# WORK INSTRUCTION:
Word-for-word transcription needed. Include every entry below but no pictures.

+===+

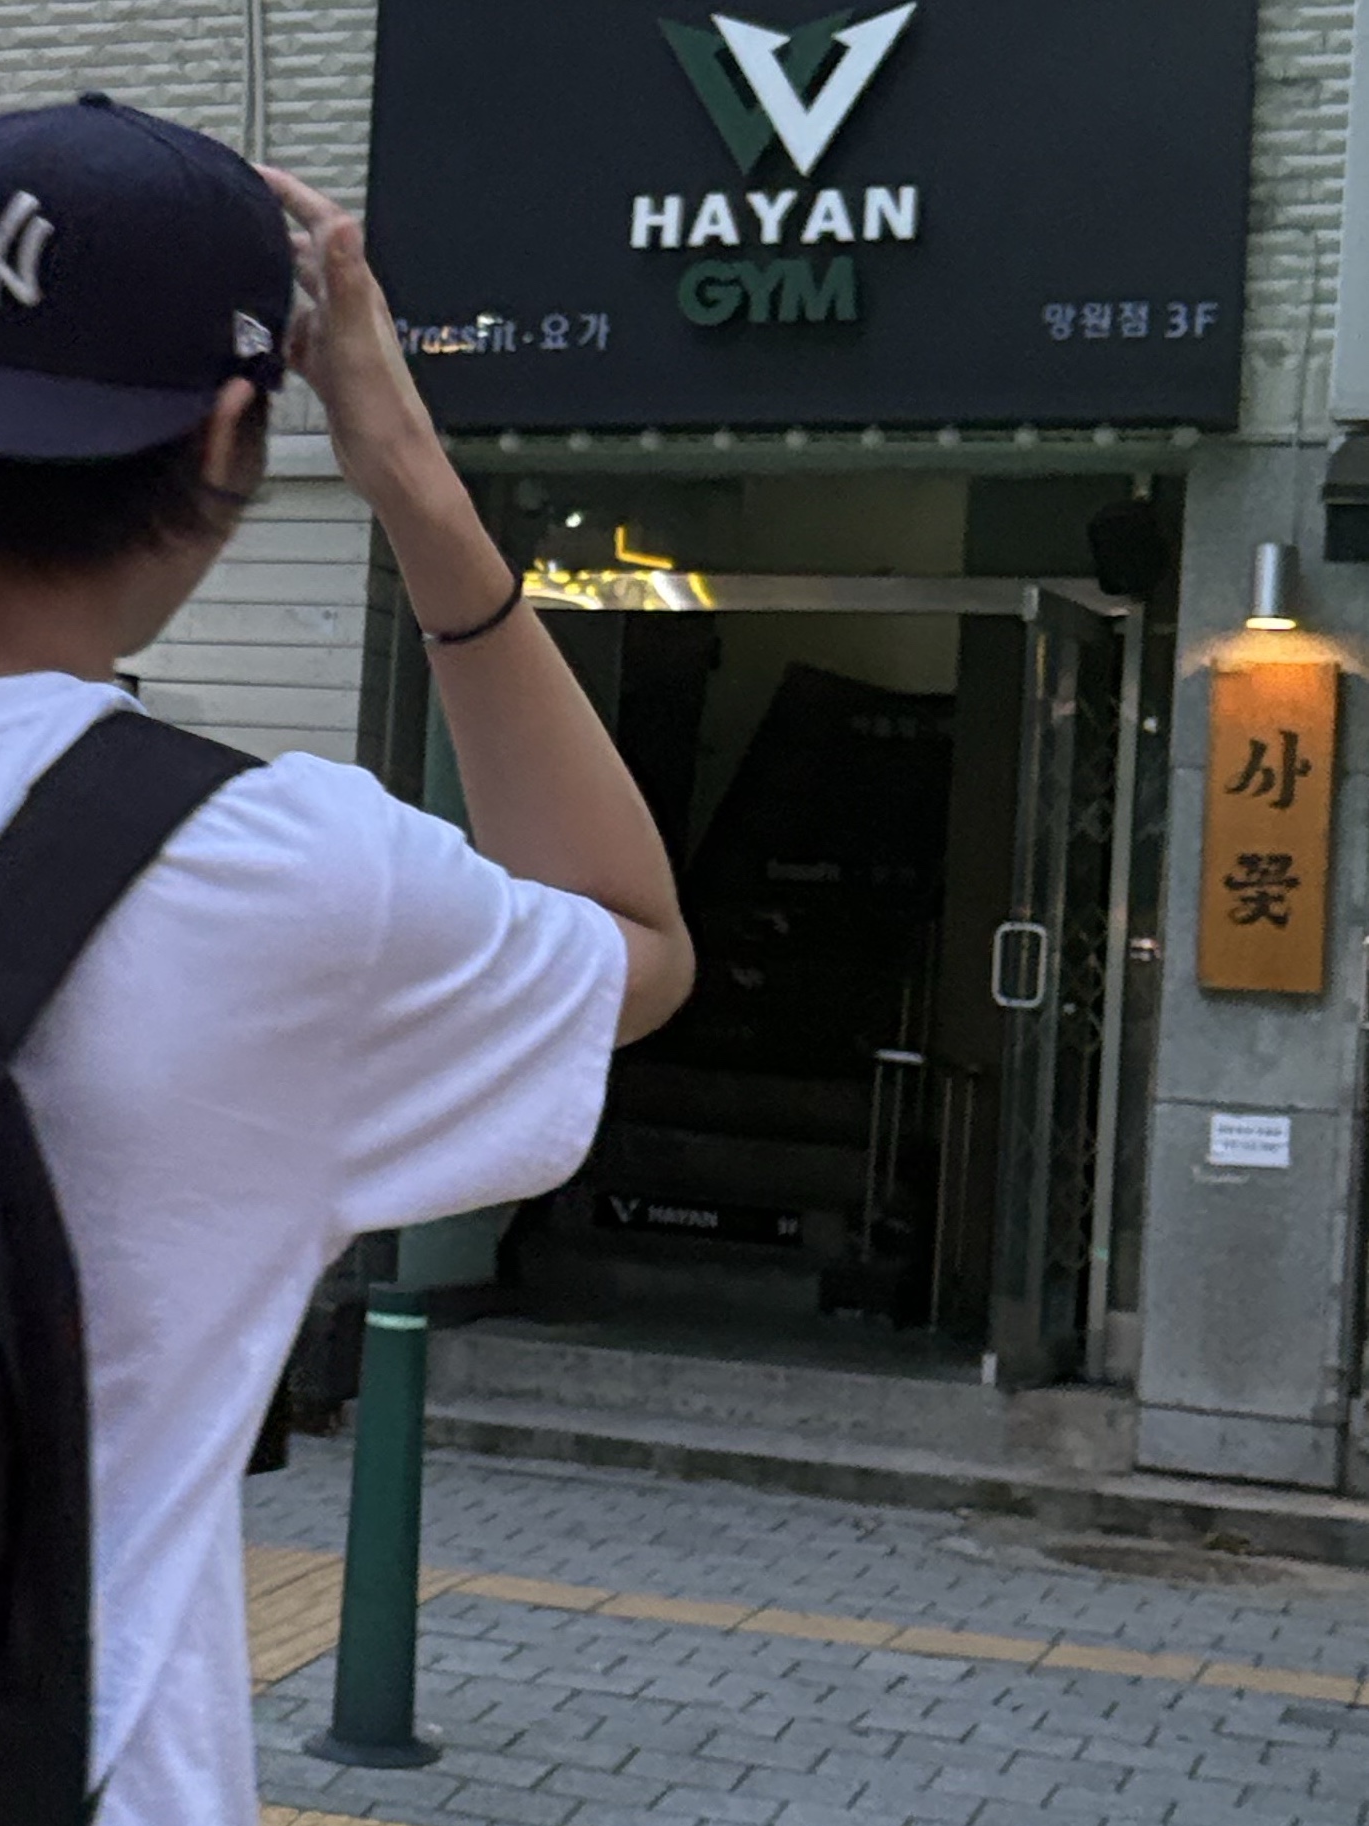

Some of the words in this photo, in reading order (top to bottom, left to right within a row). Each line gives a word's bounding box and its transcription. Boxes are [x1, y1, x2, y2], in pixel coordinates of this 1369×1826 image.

[630, 185, 918, 249] HAYAN
[679, 256, 858, 326] GYM
[1043, 301, 1150, 341] 망원점
[1164, 301, 1221, 339] 3F
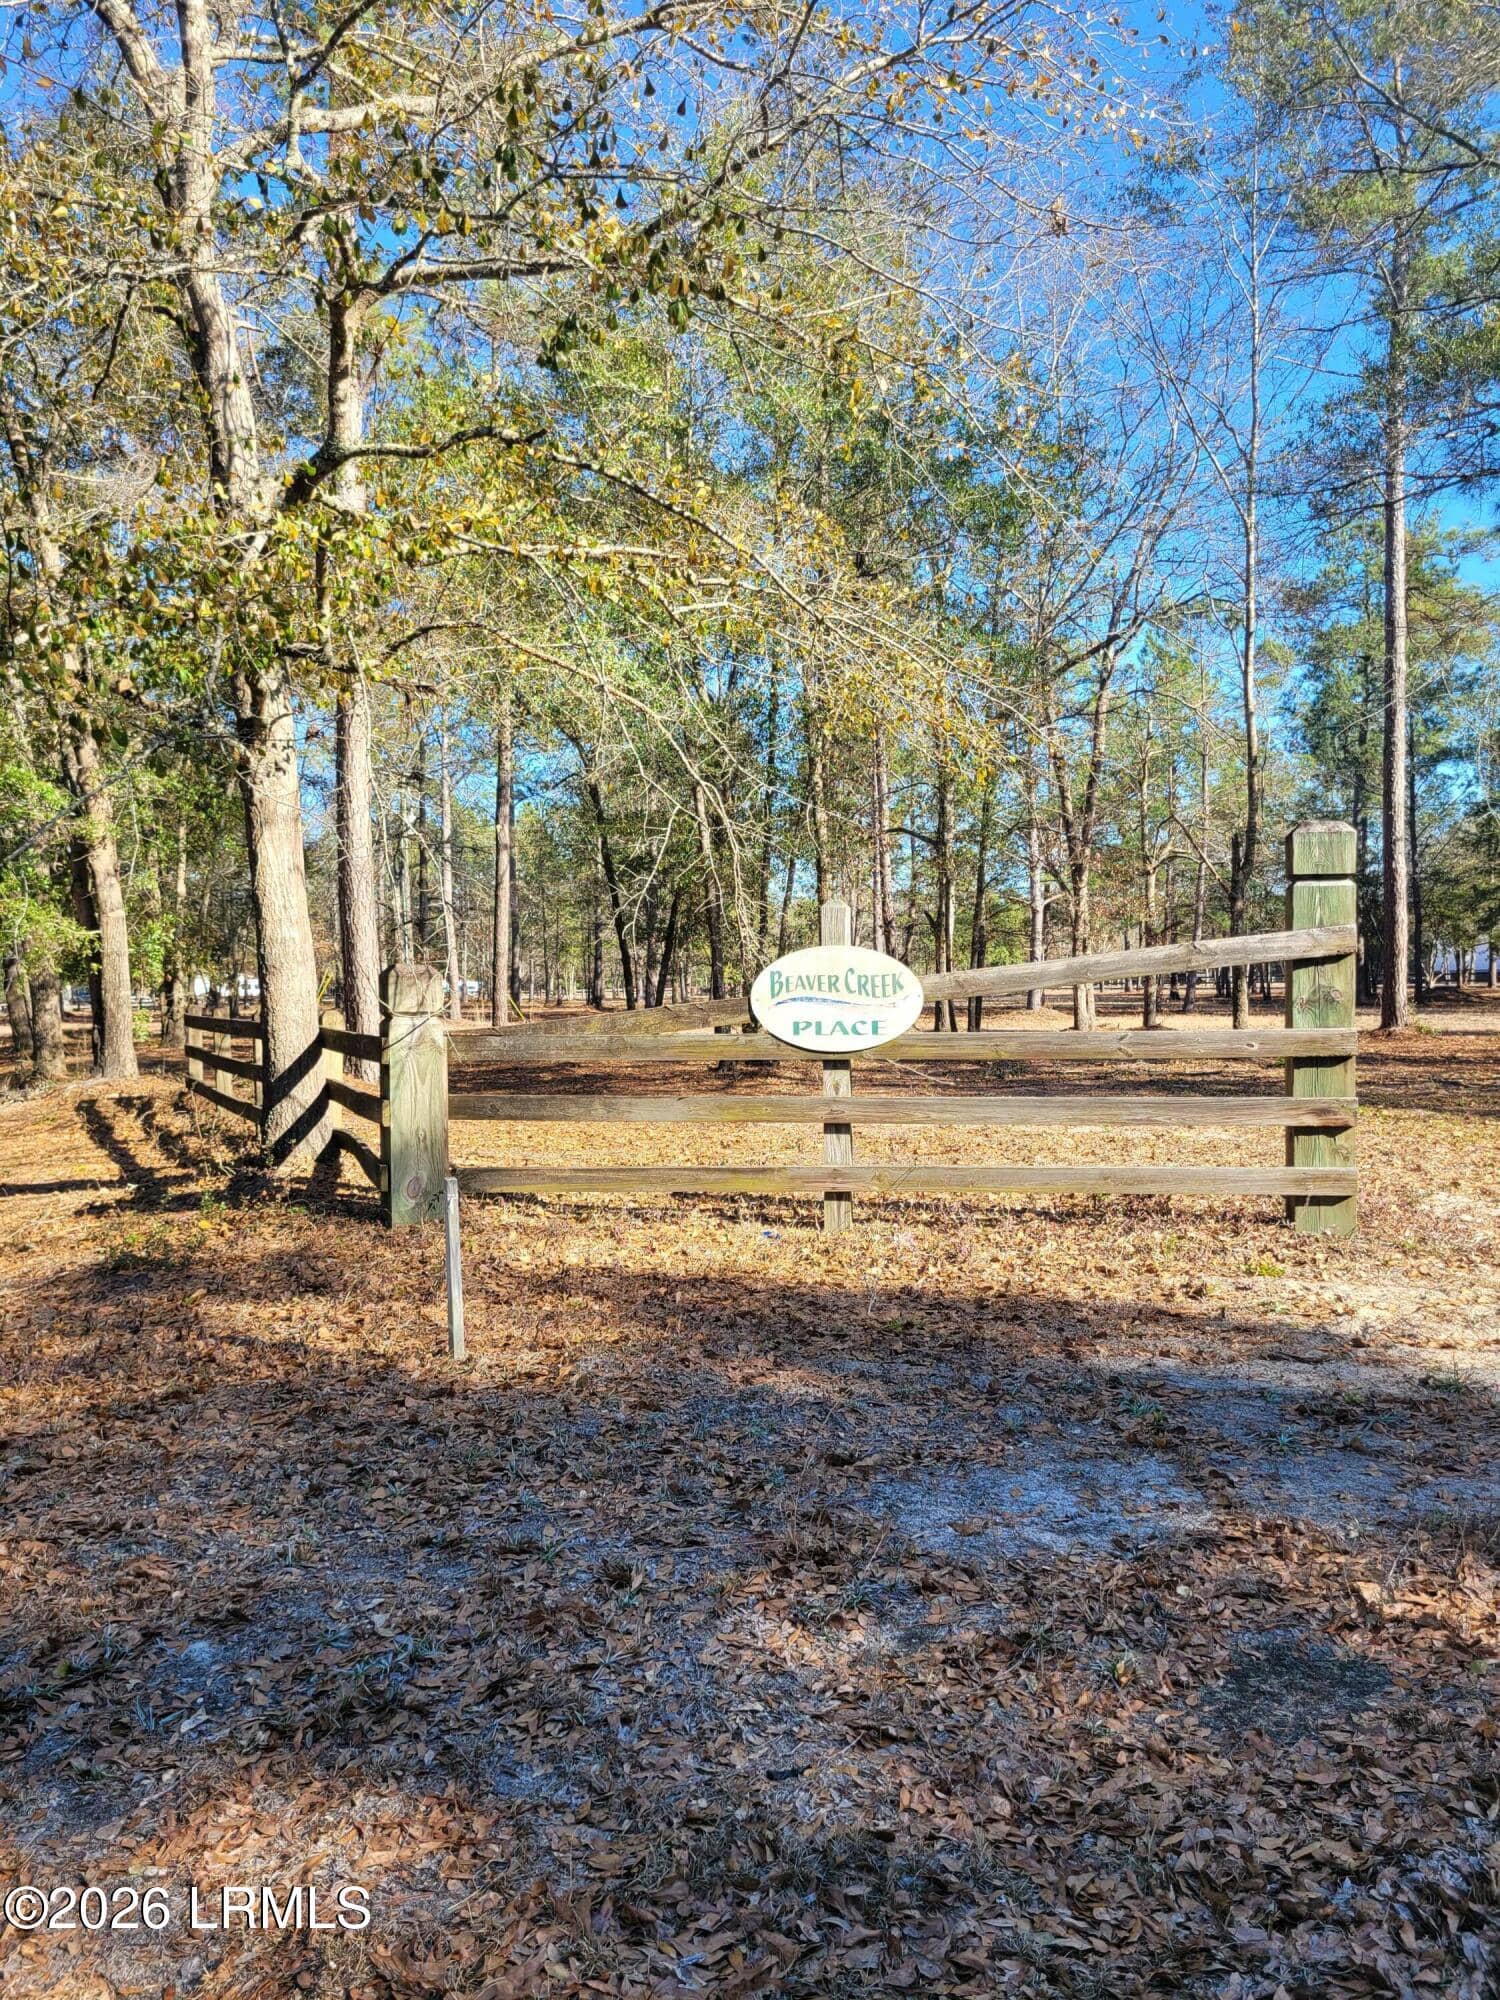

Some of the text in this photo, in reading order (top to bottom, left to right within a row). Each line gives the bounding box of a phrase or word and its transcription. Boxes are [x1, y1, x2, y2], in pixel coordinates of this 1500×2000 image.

[769, 967, 904, 999] BEAVER CREEK
[792, 1020, 888, 1036] PLACE

+===+

# EXERCISE ANSWER:
Some of the words in this photo, in reading order (top to bottom, left to right within a row). Each line gives a word's bounding box and its transcription. Boxes are [x1, y1, x2, y2], in pixel coordinates of this 1369×1826 image.

[630, 185, 918, 249] HAYAN
[679, 256, 858, 326] GYM
[1043, 301, 1150, 341] 망원점
[1164, 301, 1221, 339] 3F

Some of the text in this photo, in reading order (top to bottom, left to right within a row). Each line gives the bounding box of a phrase or word and its transcription. Boxes are [x1, y1, x2, y2], in pixel coordinates of this 1500×2000 image.

[769, 967, 904, 999] BEAVER CREEK
[792, 1020, 888, 1036] PLACE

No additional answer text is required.